Intanto il fratello di Emanuela, Pietro Orlandi, si è detto “colpito” dalla “riapertura delle indagini”. Una “riapertura improvvisa”, ha commentato all’AdnKronos precisando che se ordinata “su impulso di Papa Francesco, ben venga“. “Non so se è una decisione presa dopo la recente proposta di aprire una inchiesta parlamentare – ha continuato – Magari potrebbe nascere una collaborazione tra Stato italiano e Vaticano, mancata per 40 anni.

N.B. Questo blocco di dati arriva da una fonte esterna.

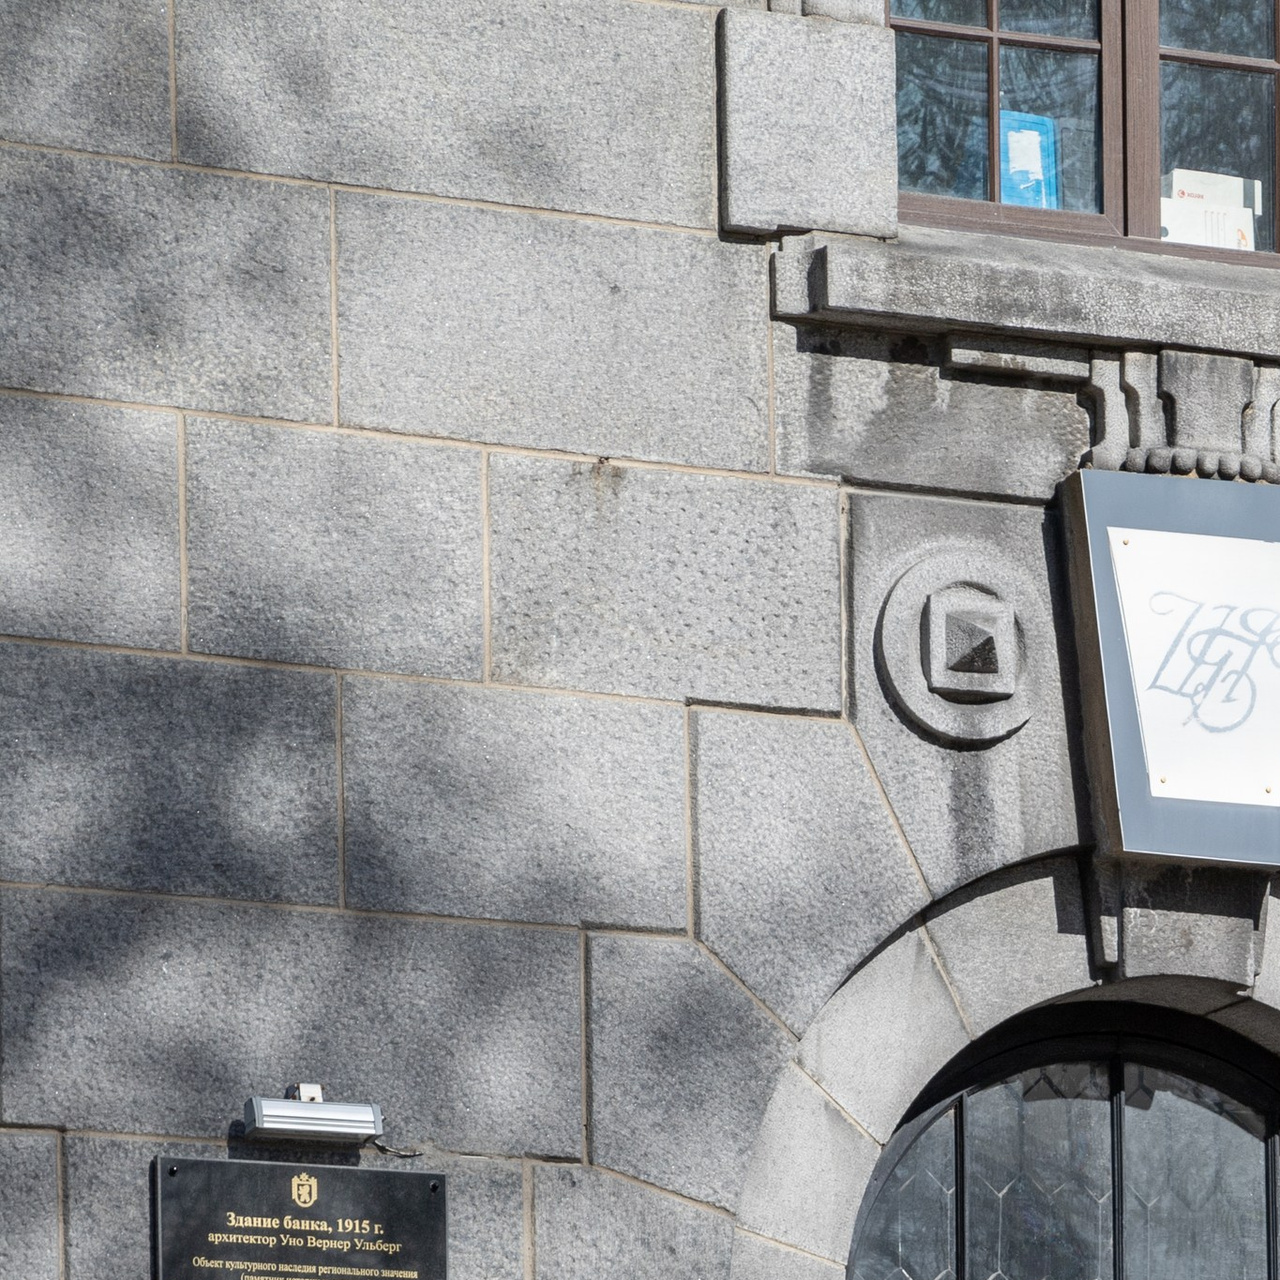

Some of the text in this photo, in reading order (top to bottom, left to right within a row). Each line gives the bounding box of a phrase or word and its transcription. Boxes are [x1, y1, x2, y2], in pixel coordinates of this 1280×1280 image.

E’ chiaramente una notizia positiva e mi auguro di essere sentito dagli inquirenti“.
Soddisfatto è anche l’avvocato della famiglia, Laura Sgro. “Siamo sicuramente contentissimi della riapertura delle indagini – ha affermato – ma è pazzesco che non siamo stati avvisati”. “Non sappiamo nemmeno su cosa stiano indagando, l’ultima denuncia che ho presentato è del 2019 e non ho avuto alcun cenno di riscontro. L’ultima volta che ho chiesto al promotore di incontrarlo è stato un anno fa. Magari hanno elementi nuovi loro e stanno procedendo ex ufficio, non lo so“. La legale Sgro ha ricordato di aver “presentato tantissime istanze, ogni volta che c’era un elemento nuovo lo abbiamo rappresentato all’ufficio del promotore. A dicembre 2021 ho scritto a Papa Francesco, il quale a gennaio 2022 mi ha risposto dicendo di rivolgermi all’ufficio del promotore per mettere a loro disposizione le informazioni nuove che avevamo. Da lì il nulla”, ha concluso.